If anyone is here looking for fast ways to select samples, I created a small comparison to time some of the popular random indexing solutions from the forums. For the comparison, I wrote small functions with the goal of generating indices to select 10% of a population. For a fair comparison, the indices are returned as GPU-tensors.
It looks like, if your population size is less than int32.MAX_VALUE, generating a random permutation on the GPU may be the fastest solution. Mileage may vary, so I’ve included my entire plotting script below so you can test it.
import numpy as np
import torch
import random
import time
import pandas as pd
import matplotlib.pyplot as plt
def rand(pop_size, num_samples):
"""Use random.sample to generate indices."""
return torch.Tensor(random.sample(range(pop_size), num_samples)).to('cuda')
def mult_cpu(pop_size, num_samples):
"""Use torch.Tensor.multinomial to generate indices on a CPU tensor."""
p = torch.ones(pop_size) / pop_size
return p.multinomial(num_samples=num_samples, replacement=False).to('cuda')
def mult_gpu(pop_size, num_samples):
"""Use torch.Tensor.multinomial to generate indices on a GPU tensor."""
p = torch.ones(pop_size, device='cuda') / pop_size
return p.multinomial(num_samples=num_samples, replacement=False)
def perm_cpu(pop_size, num_samples):
"""Use torch.randperm to generate indices on a CPU tensor."""
return torch.randperm(pop_size)[:num_samples].to('cuda')
def perm_gpu(pop_size, num_samples):
"""Use torch.randperm to generate indices on a GPU tensor."""
return torch.randperm(pop_size, device='cuda')[:num_samples]
def perm_gpu_f32(pop_size, num_samples):
"""Use torch.randperm to generate indices on a 32-bit GPU tensor."""
return torch.randperm(pop_size, dtype=torch.int32, device='cuda')[:num_samples]
def sort_rand_cpu(pop_size, num_samples):
"""Generate a random torch.Tensor (CPU) and sort it to generate indices."""
return torch.argsort(torch.rand(pop_size))[:num_samples]
def sort_rand_gpu(pop_size, num_samples):
"""Generate a random torch.Tensor (GPU) and sort it to generate indices."""

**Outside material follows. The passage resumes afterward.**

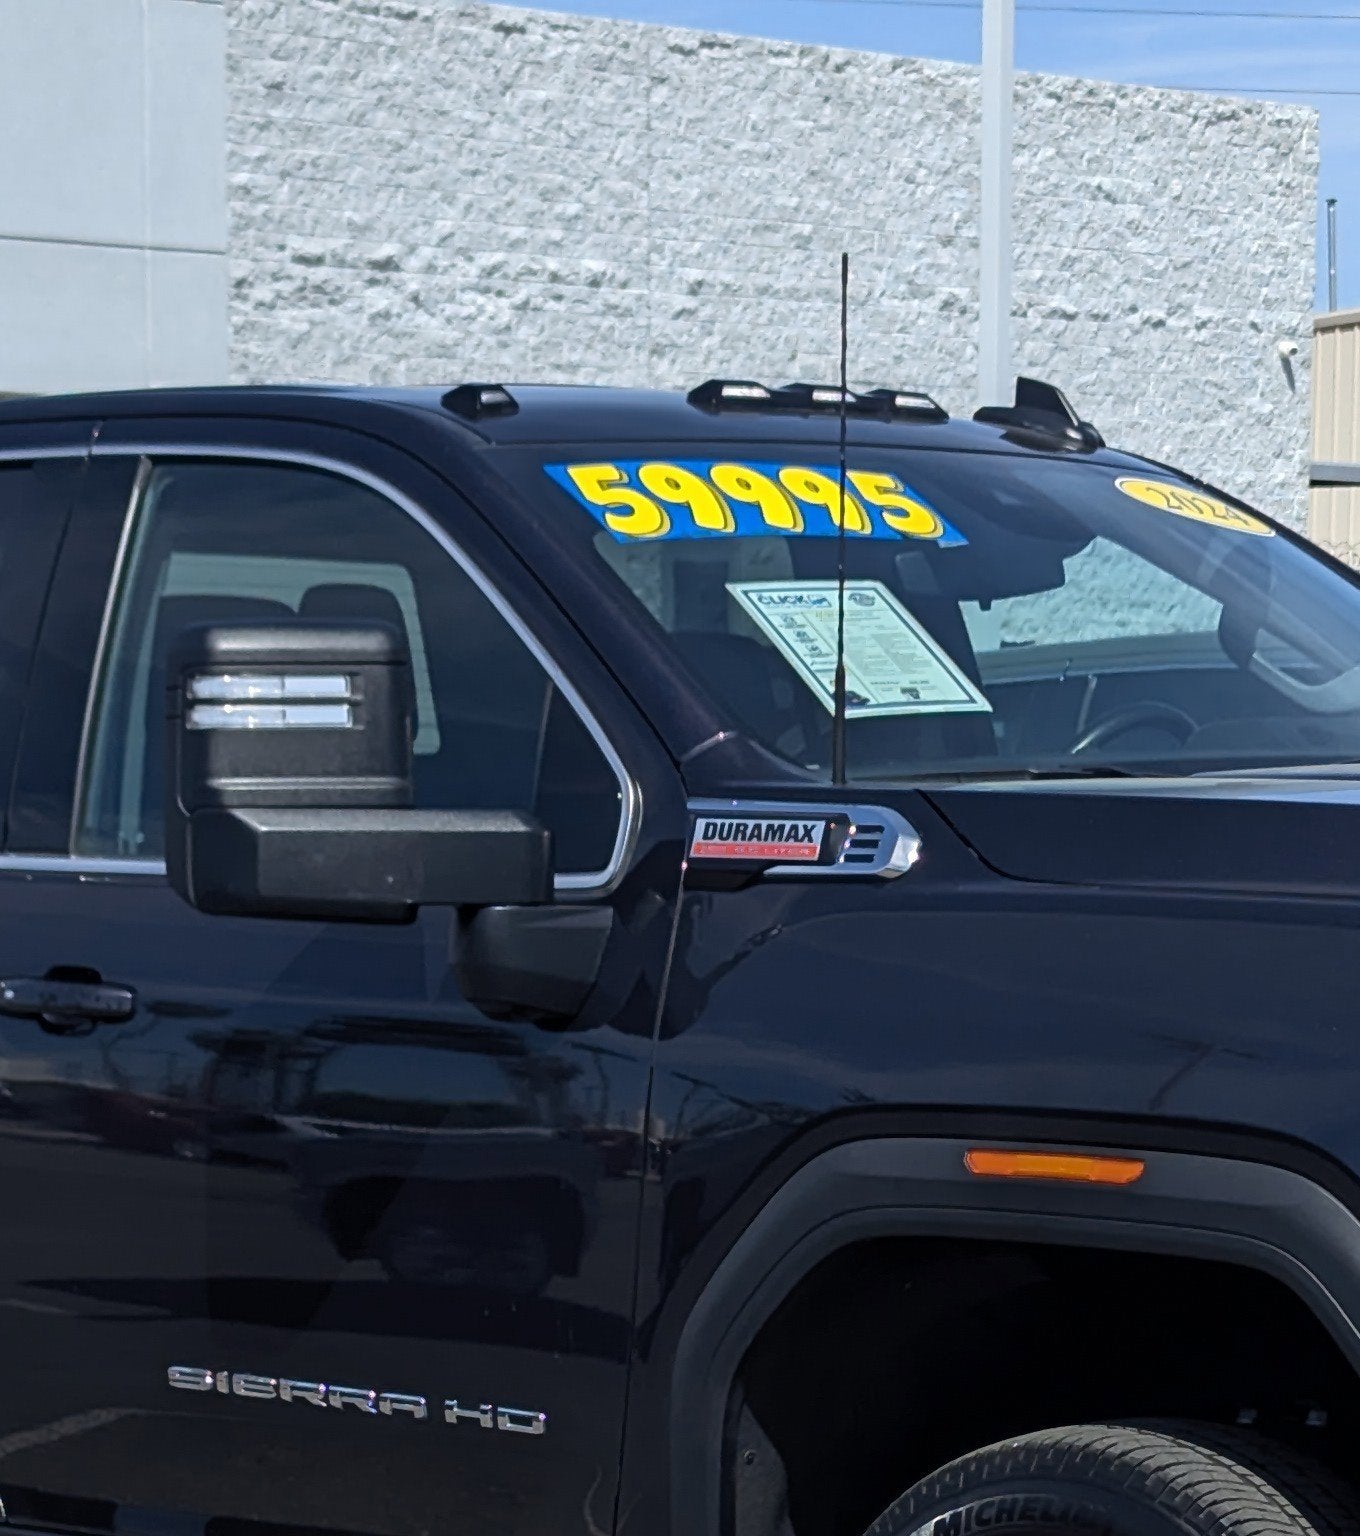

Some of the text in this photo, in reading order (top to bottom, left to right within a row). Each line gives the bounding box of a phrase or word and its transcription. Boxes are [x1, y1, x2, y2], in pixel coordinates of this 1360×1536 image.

[567, 463, 944, 539] 59995
[702, 821, 817, 843] DURAMAX
[167, 1366, 546, 1434] SIERRA HD

return torch.argsort(torch.rand(pop_size, device='cuda'))[:num_samples]
idx_fns = [rand,
mult_cpu,
mult_gpu,
perm_cpu,
perm_gpu,
perm_gpu_f32,
sort_rand_cpu,
sort_rand_gpu]
pop_size = np.logspace(3, 7, 50, dtype=int)
d = []
for n_p in pop_size:
print(f"Testing functions with {n_p} points.")
for fn in idx_fns:
tic = time.time()
num_samples = int(0.1 * n_p)
samples = fn(n_p, num_samples)
toc = time.time()
assert type(samples) == torch.Tensor
d.append({
'Population': n_p,
'Samples': num_samples,
'Function':fn.__name__,
'Time': toc - tic
})
df = pd.DataFrame(d)
fig, ax = plt.subplots()
for fn in idx_fns:
idxs = df['Function'] == fn.__name__
ax.plot(df['Population'][idxs], df['Time'][idxs], label=fn.__name__)
ax.set_title("Runtime of Index-Generating Methods for Randomly Selecting 10% of Population")
ax.set_xlabel('Population Size')
ax.set_ylabel('Time')
ax.set_yscale('log')
ax.legend(bbox_to_anchor=(1, 0.7))
plt.savefig('figs/randperm.png', bbox_inches='tight')
plt.show()